Software Architect / Microsoft MVP (AI) and Pluralsight Author

AI, Architecture, Azure, Bot Framework, C#, Chatbots, Cognitive Services

Building a chatbot you can call using Bot Framework, Direct Line API and Twilio. Part 1

I couldn’t find any .NET tutorials that showed me how to create a configurable chatbot that I could call on the phone and interact with. It’s not surprising as a lot of the technology is still cutting edge.

In the future Azure Communication Service will offer a lot of what you’re about to read out of the box but for the time being this is restricted to the US.

I went through a lot trial and error to join the dots. In this blog post I share how I pieced together various pieces of technology and earlier blogs I read to make this possible.

This blog is a way for me to remember how to do this.

I read a few blog posts that were fundamental in piecing together this end-to-end solution so first – full credit to the following blogs in helping form parts of the solution:

 

These blogs were very helpful (thankyou!).

This blog will be split into 2 or more parts and by the time the series is complete you’ll understand how to create a simple bot that you can interact with on the phone.

Tools and Technology

The following technologies and services are used:

  • Azure Speech to Text – converts the humans voice to text. This is sent to the bot.
  • Azure Text to Speech – converts the chatbots response to speech.
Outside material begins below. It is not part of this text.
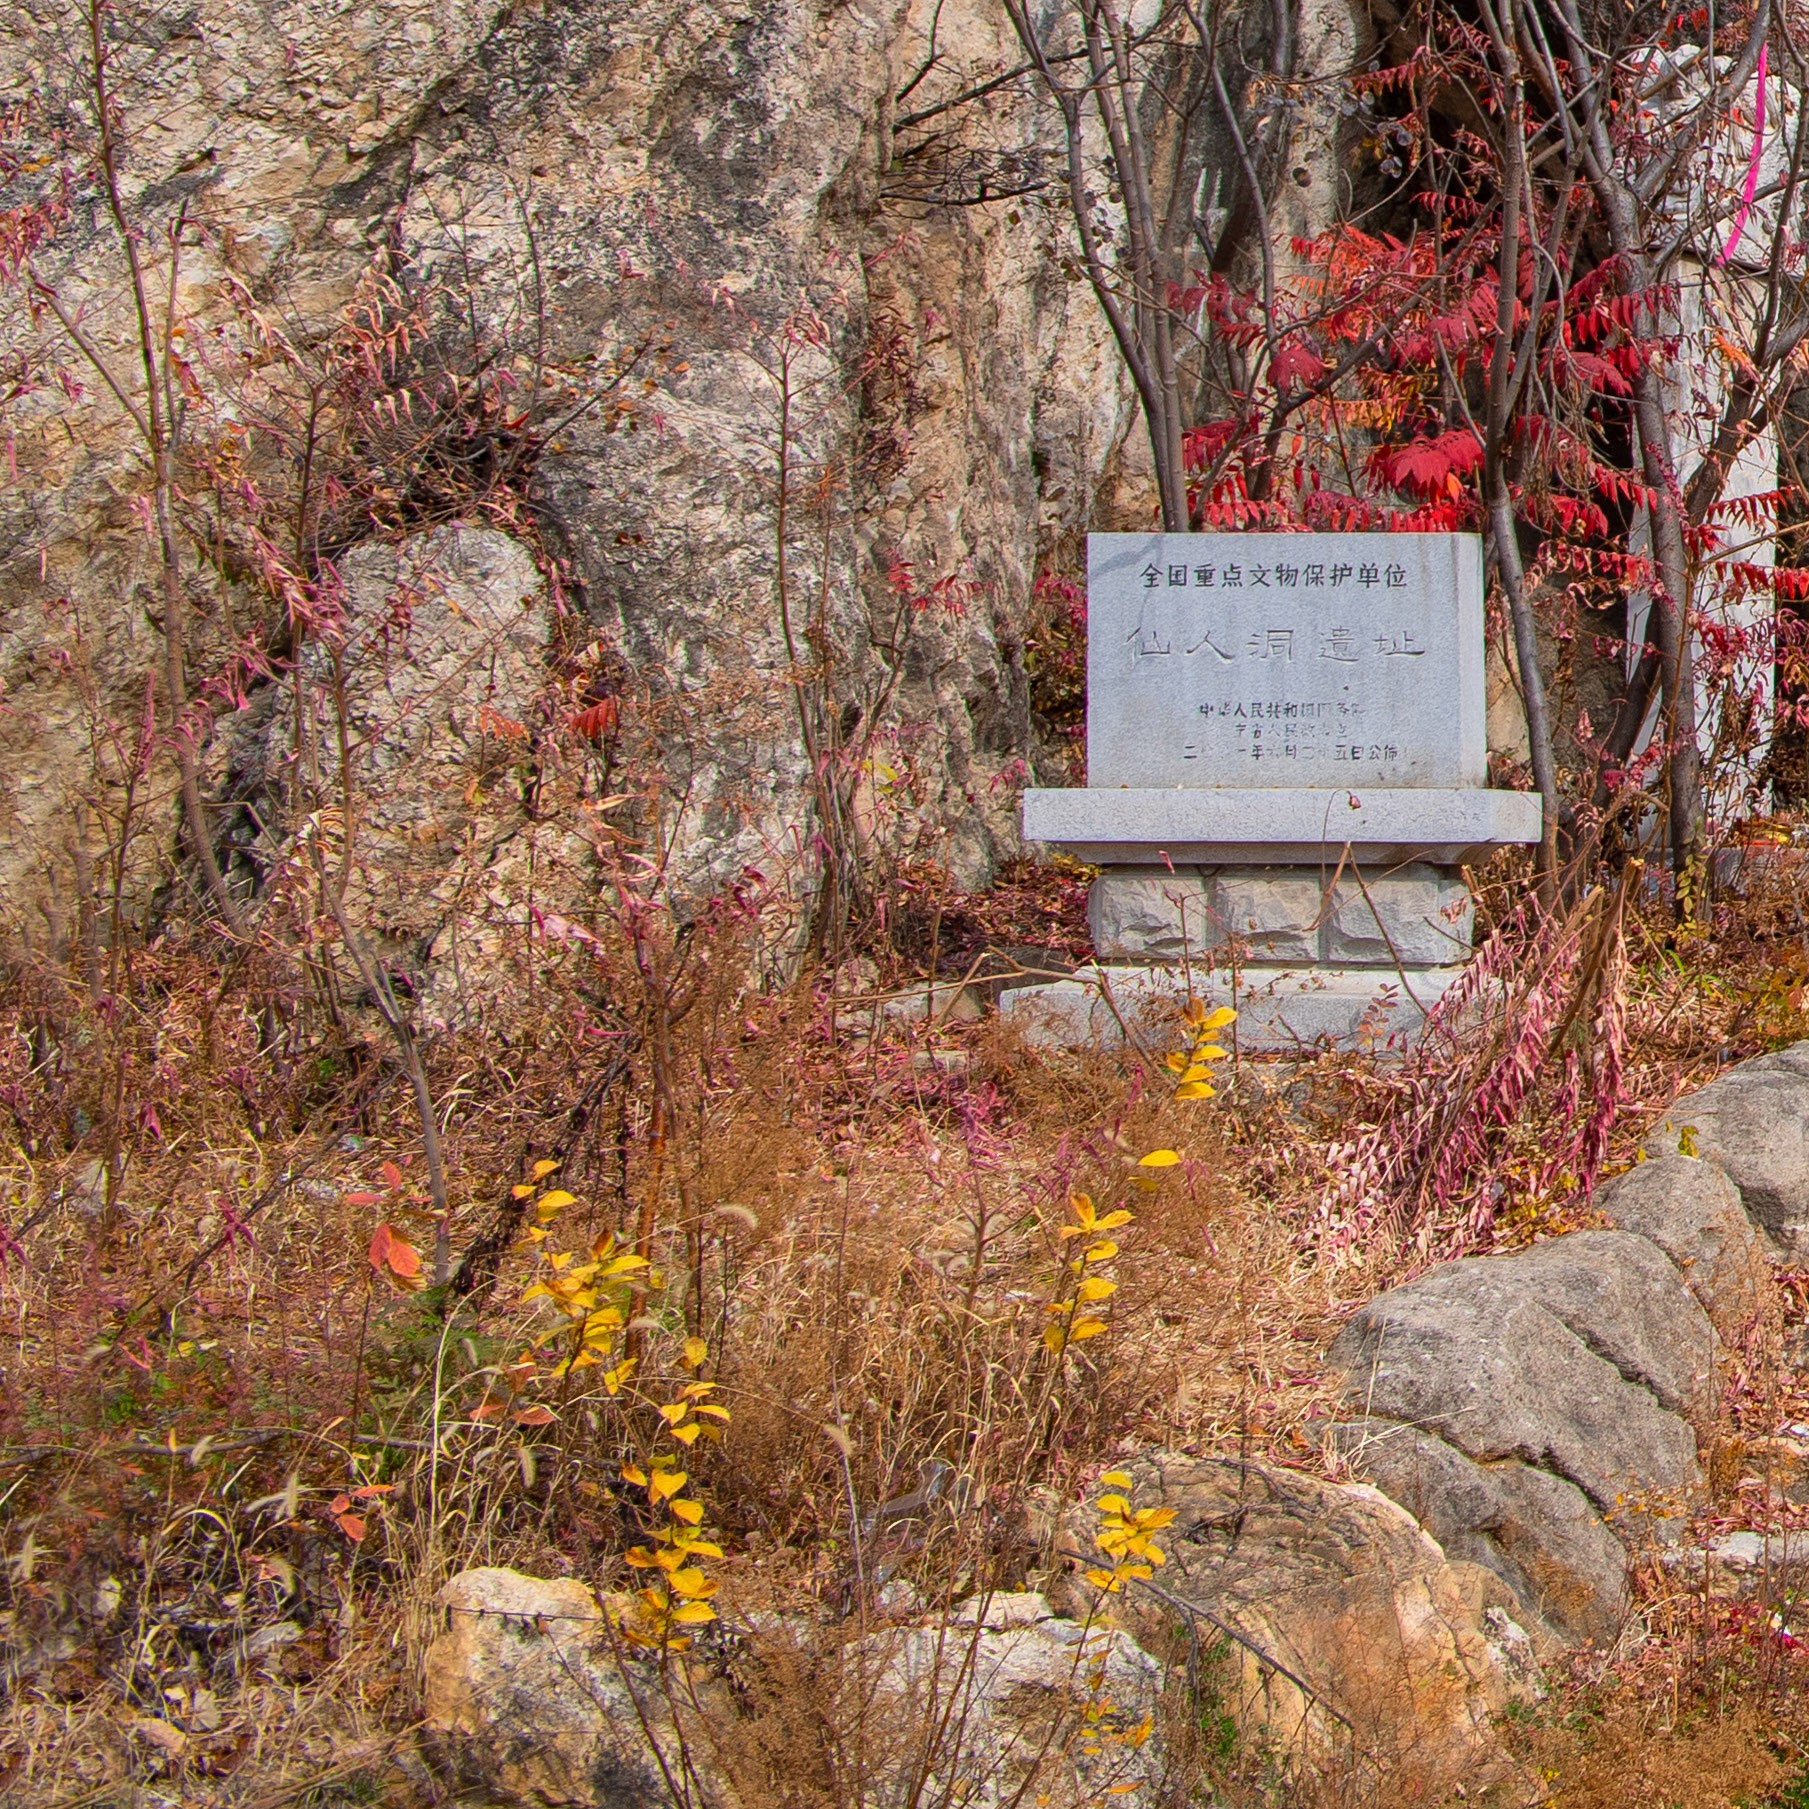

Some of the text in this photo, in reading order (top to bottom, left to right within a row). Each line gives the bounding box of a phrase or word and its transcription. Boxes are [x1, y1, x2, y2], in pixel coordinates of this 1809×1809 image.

[1139, 562, 1408, 589] 全国重点文物保护单位
This is sent to the human.
  • Bot Framework SDK – used to orchestrate messages/activities/dialogs in the chatbot.
  • Direct Line API – lets you programmatically interact with the chatbot.
  • GStreamer CODEC – needed to parse audio.
  • NGrok – for creating a tunnel and exposing our development connection to the internet.
  • Twilio – used to provide a telephone number for the chatbot and route calls.
  • Twilio Media Streams – used to create socket connections and send/transmit audio data.
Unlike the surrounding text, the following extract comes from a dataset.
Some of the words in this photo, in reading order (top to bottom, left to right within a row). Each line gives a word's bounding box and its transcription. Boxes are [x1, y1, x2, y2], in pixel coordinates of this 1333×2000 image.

There are many moving parts so to visualise the flow of information and how each component interacts with each other a diagram can help.

Architecture

In this diagram we can see how the main components communication with each other. The types of data and message are also detailed.

Here is some pseudo code from the main steps in the above diagram:

  1. Person calls Twilio Number.
  2. Twilio Webhook intercepts call.
  3. Twilio Media Stream is invoked in parallel.
  4. As the person speaks, the Media Stream sends a Base64 string of the audio to the custom Media Handler.
  5. The Base64 is parsed to bytes and pushed into a byte array that contains the audio.
  6. The byte array is sent to Azure Speech to Text.
  7. The transcription of the text is sent to the chatbot.
  8. The chatbot processes the text like any usual activity.
  9. The chatbots response is converted to speech using Azure Text to Speech.
  10. The chatbot audio is converted to MULAW audio format that Twilio require.
  11. The MULAW audio is sent back upstream to the telephone.
  12. Rinse and repeat.

There’s quite a lot going on. Here is an overview of some of the main concepts mentioned:

Web Hook

This is an endpoint that you configure in the Twilio developer dashboard when you buy a phone number. The URL points to an endpoint you build. You can see this below. You’ll see mine is pointing to the nrgok url I have running. (ngrok is used to expose my development machine over the web).

Media Stream and Web Sockets

These facilitate the transmission of bidirectional data between the person and the bot. Or in plain English – let you have a normal conversation with the chatbot on the phone!

MULaw, GStreamer, Azure Speech Services and Twilio

This stuff was a pain. Twilio and Azure don’t play that together. There isn’t anything of the Twilio developer documentation to show you what’s required either. It turns out the Twilio Media Stream encodes the audio in a format known as MULAW.

This isn’t supported natively by Azure due to (I’m told) a licensing agreement.  You need to download a CODEC to do this which is part of a multimedia framework called GStreamer.

Sample Chatbot

We need a chatbot to interact with. The chatbot is simple for this example. It sends a greeting message then asks what we’d like to order then repeats our selection.

You can see this modelled in simple chatbot here:

protected override async Task OnMembersAddedAsync(IList<ChannelAccount> membersAdded, ITurnContext<IConversationUpdateActivity> turnContext, CancellationToken cancellationToken)

        {

            var welcomeText = "Hello! I am the Twilio and Bot Framework Voice Bot. What would you like to order?";

            foreach (var member in membersAdded)

            {

                if (member.Id != turnContext.Activity.Recipient.Id)

                {

                    await turnContext.SendActivityAsync(MessageFactory.Text(welcomeText, welcomeText), cancellationToken);

                }

            }

        }




        protected override async Task OnMessageActivityAsync(ITurnContext<IMessageActivity> turnContext, CancellationToken cancellationToken)

        {

            if (turnContext.Activity.Type == ActivityTypes.Message && !string.IsNullOrEmpty(turnContext.Activity.Text))

            {

                // Check to see if the user sent a simple "quit" message.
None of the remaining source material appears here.